2. Water Drainage Pipes With Oil Traps

Significant area coverage is necessary to contain and stop the environmental damage associated with a large oil spill. Drainage pipes may help with that due to modern advances in oil traps.

How do these oil traps work? They drain water while trapping any oil flowing through them. It’s an on-site solution that begins resolving oil spills immediately after installation, utilizing multiple layers of filter material to remove oil. 

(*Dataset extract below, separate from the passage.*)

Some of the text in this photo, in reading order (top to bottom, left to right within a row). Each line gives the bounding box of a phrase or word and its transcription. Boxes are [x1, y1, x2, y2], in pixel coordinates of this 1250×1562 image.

This solution is especially helpful for commercial spills near residential areas. Trained teams can quickly install the pipes into vertical drainage areas to catch the oil through the nearby land or building slope. Faster solutions save local biomes and drinking waters, making drainage pipes with easily cleanable oil traps a significant resource in a world still dependent on fossil fuels.

3. Autonomous Oil Spill Robots

Robots can do much more than deliver packages by drone or operate self-driving cars. They’ll also mitigate oil spills when the technology becomes more widely available.

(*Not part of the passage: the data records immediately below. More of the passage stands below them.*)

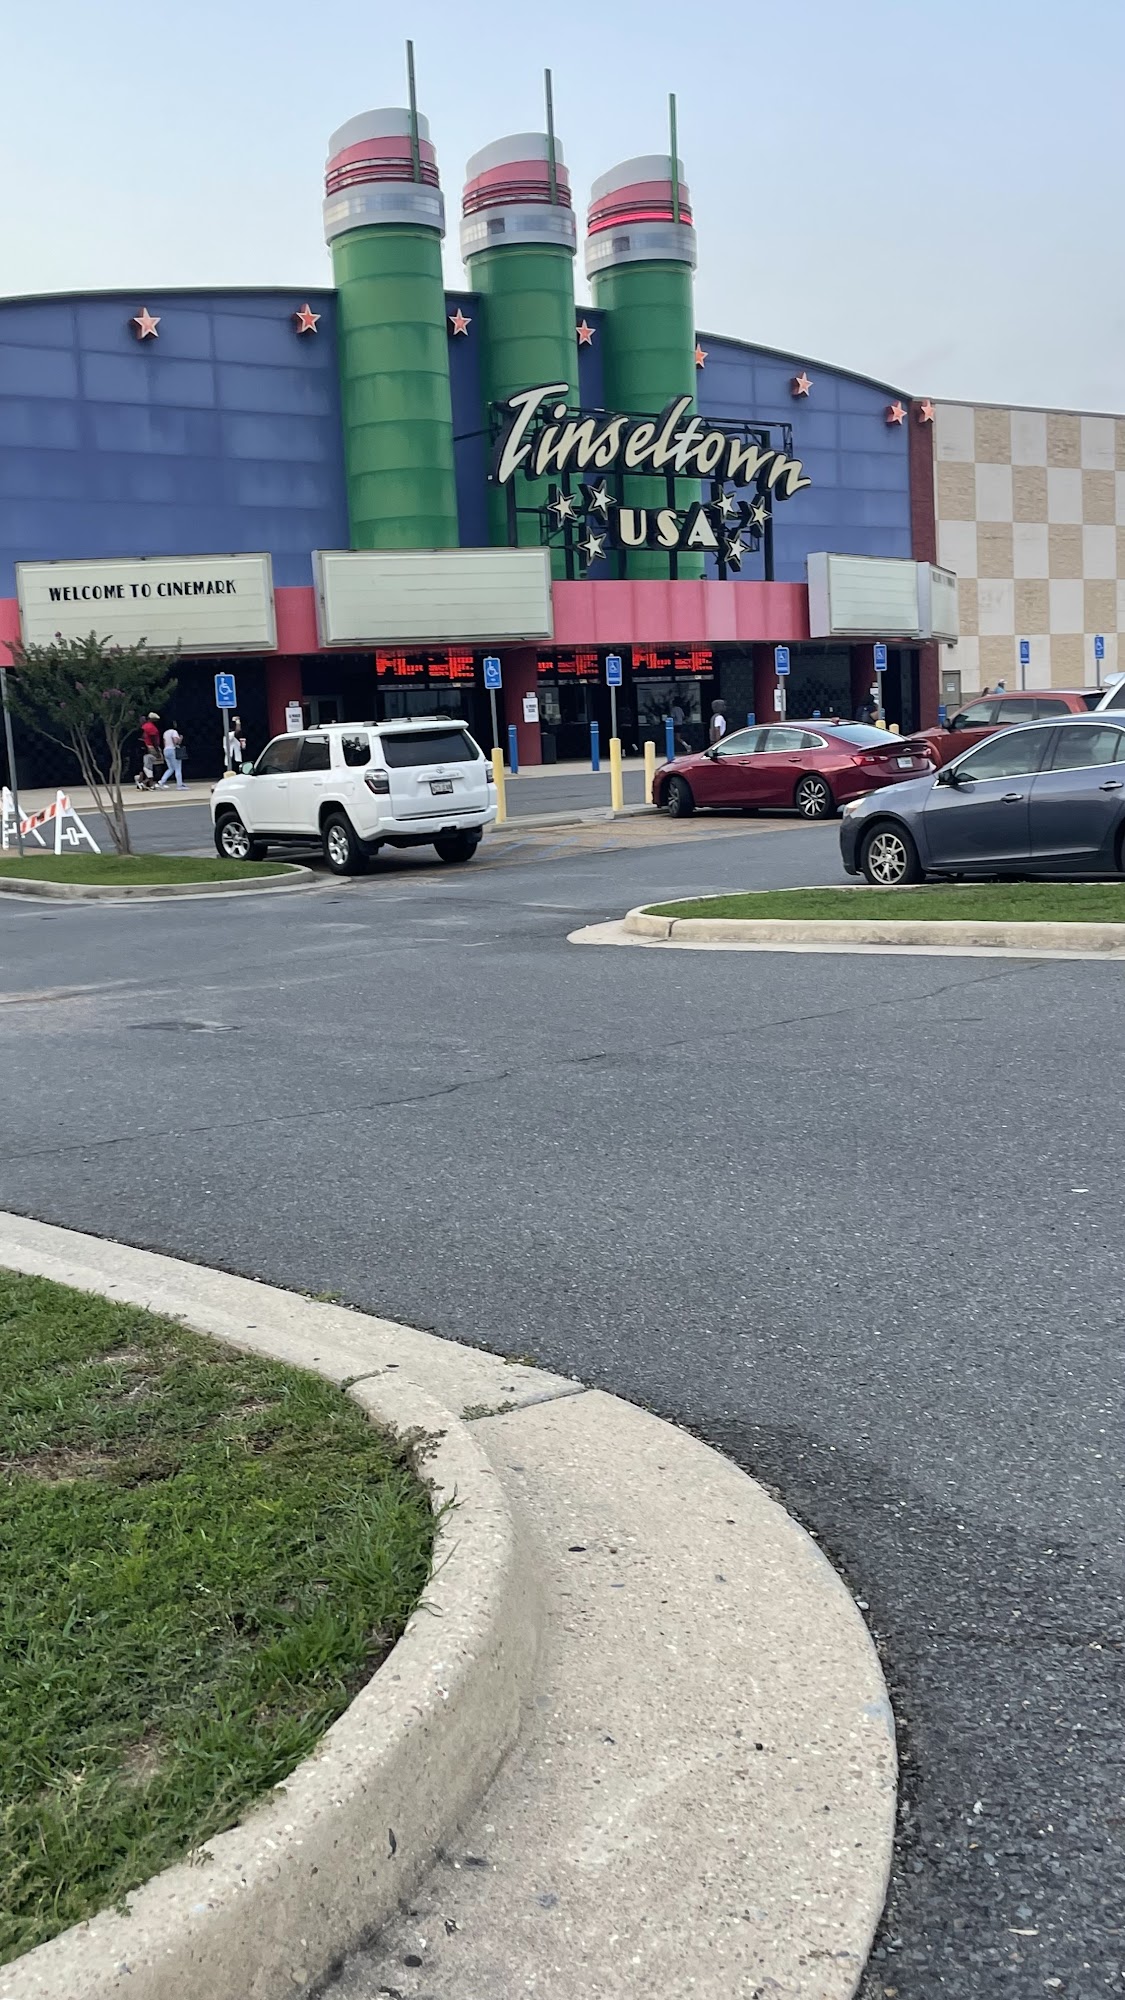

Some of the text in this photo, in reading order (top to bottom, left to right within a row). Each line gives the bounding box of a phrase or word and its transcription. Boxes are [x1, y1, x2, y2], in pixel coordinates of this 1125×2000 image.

[497, 382, 811, 496] Tinseltown
[619, 508, 719, 547] USA
[49, 580, 236, 601] WELCOME TO CINEMARK
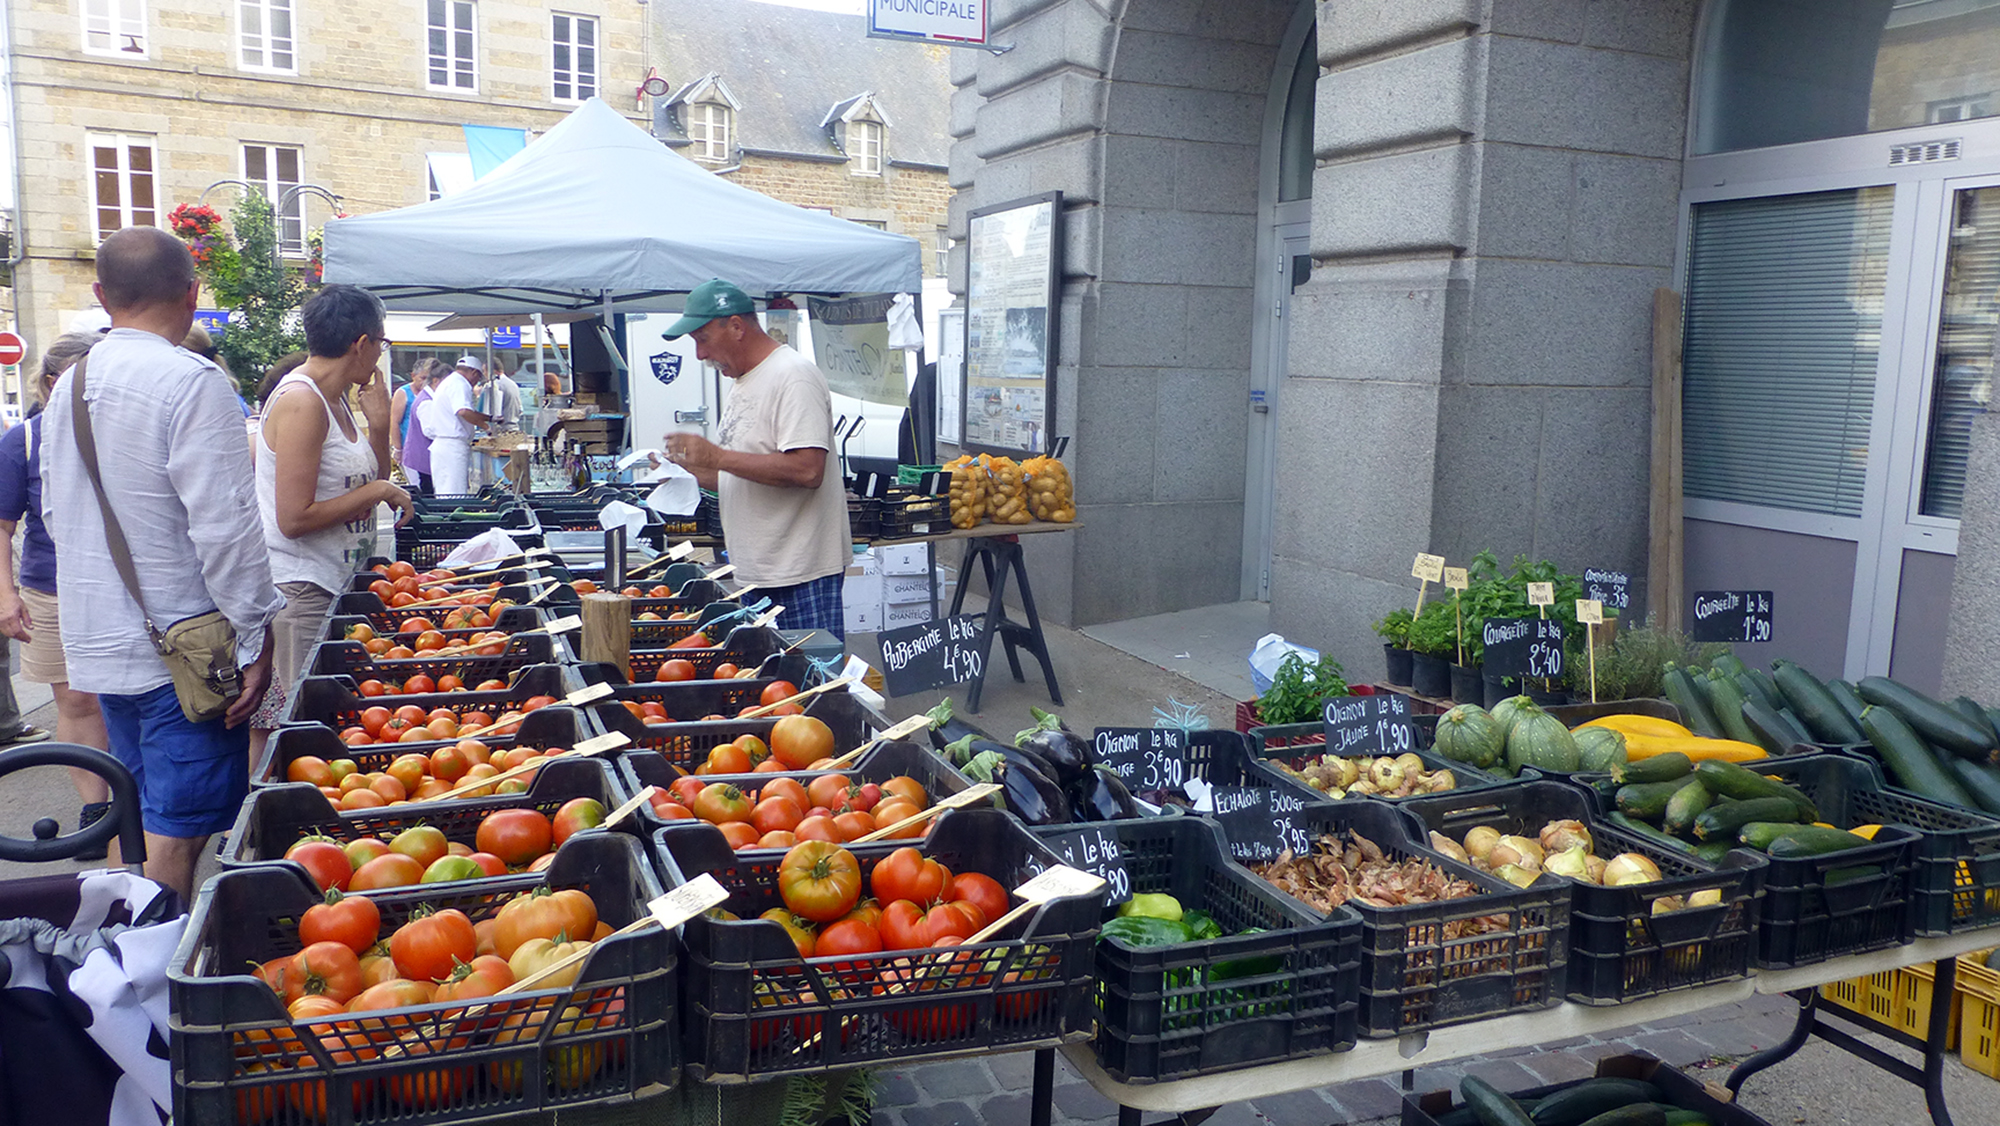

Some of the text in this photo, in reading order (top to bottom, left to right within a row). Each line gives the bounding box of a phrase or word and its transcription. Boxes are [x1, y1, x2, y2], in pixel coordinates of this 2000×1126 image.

[880, 0, 976, 20] MUNICIPALE
[883, 625, 943, 672] AUBERGINE
[1334, 725, 1369, 751] JAUNE
[1215, 787, 1262, 815] ECHALOTE

Researchers at the Massachusetts Institute of Technology (MIT) found that nanowire mesh can absorb oil, so they built a conveyor belt robot to move the oil through the mesh and direct it into bags. It’s a creative strategy for oil spill mitigation but isn’t widely available because the technology remains limited. When it’s ready for mass production, robots could be another popular tool to save the environment.

4. Human Hair

The next time you sit down for a haircut, you’ll look at the pile of cut strands on the floor differently. A hairdresser in Wales noticed how much hair she threw away daily and how it resembled a rug. After developing a way to transform her client’s unwanted hair clippings into actual mats, she tested their oil absorption in a lab setting.

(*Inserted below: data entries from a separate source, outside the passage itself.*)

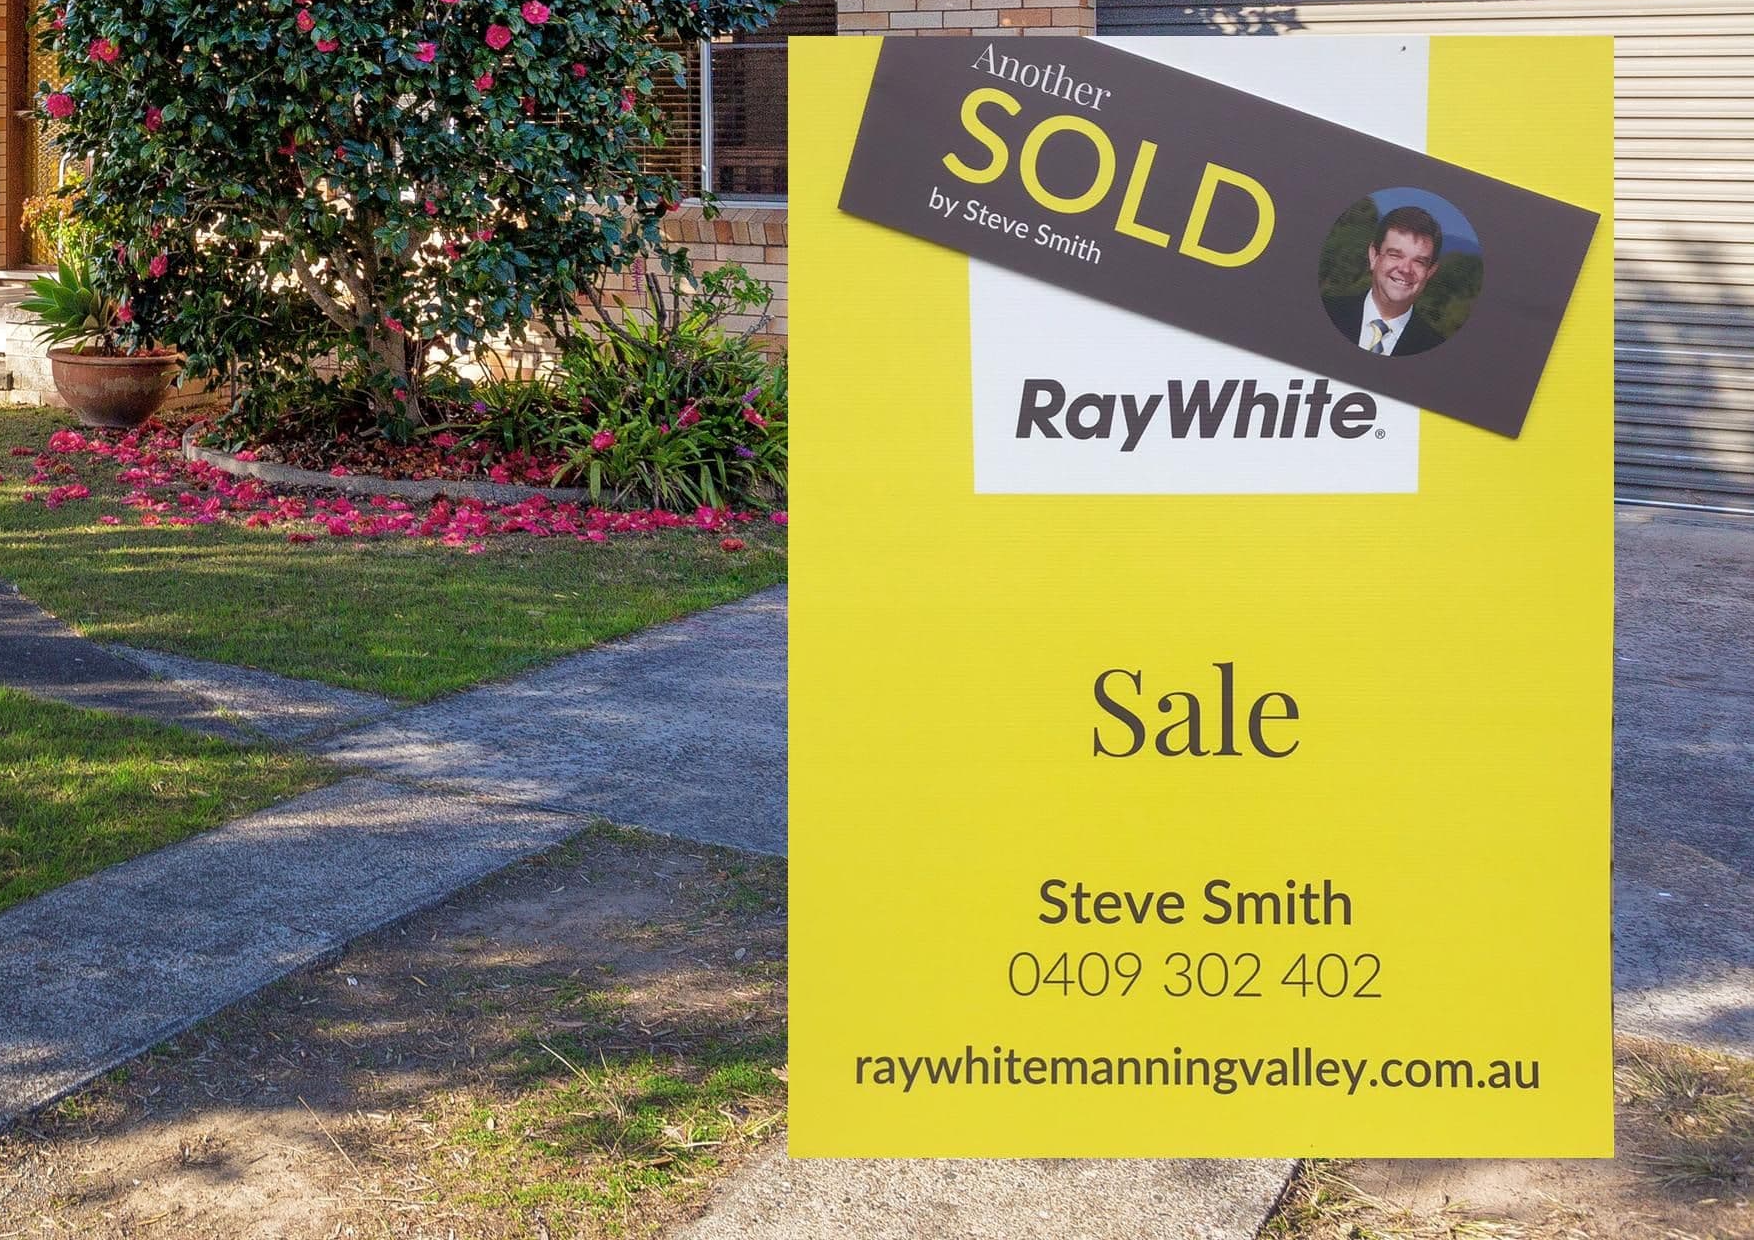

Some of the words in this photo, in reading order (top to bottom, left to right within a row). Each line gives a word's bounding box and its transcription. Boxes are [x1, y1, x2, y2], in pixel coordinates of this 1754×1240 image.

[971, 42, 1112, 111] Another
[942, 87, 1276, 267] SOLD
[928, 186, 960, 218] by
[962, 200, 1029, 239] Steve
[1034, 224, 1102, 265] Smith
[1092, 661, 1301, 759] Sale
[1038, 878, 1185, 925] Steve
[1202, 879, 1352, 926] Smith
[1008, 951, 1142, 997] 0409
[1163, 951, 1263, 998] 302
[1280, 952, 1383, 999] 402
[855, 1045, 1540, 1096] raywhitemanningvalley.com.au

The hair mats were successful. They could easily soak up many times their weight in oil without requiring natural resources in their manufacturing process. If more mitigation funding backs ideas like this, the world could have an accessible, biodegradable solution for oil spill cleanup.

5. Surface Skimmers

Think about when you watched someone clean your community pool or have cleaned one yourself. You likely saw a pool skimmer in action. The mesh moves across the water’s surface to catch floating debris like leaves and bugs. Oil spill cleanup may look more similar to that in the future, thanks to surface skimmers built to trap fossil fuels.

Boats can drag skimmer systems across oil spills to catch gallons of the sticky liquid at a time. It’s a quick solution for surface oil but may need more development to trap the substance affecting marine life deeper in the water. 

6. Magnetic Soap

Oil dispersants are currently cleaning up spilled oil, but they only work in small areas and require secondary cleanup. Most also don’t naturally biodegrade, so they float around with their contained oil. The helpful soap could become more useful with an upgrade like iron.

Researchers are currently working on combining oil dispersants with iron to bind the free-floating oil. It would work in the same way the dispersants currently do, but magnets held above the surface would draw the iron molecules out of the water.

The magnet’s strength could draw the oil from the surface and areas below it. It could become a great tool while the world still depends on fossil fuels and experiences frequent oil spills.

Oil Spills Require Creative Solutions

Innovation and the drive to help people encourage global teams to find new ways to solve oil spills. These are some of the most creative strategies currently available or in development. When people can access these resources worldwide, oil spills will do less damage to plants, animals and drinking water sources.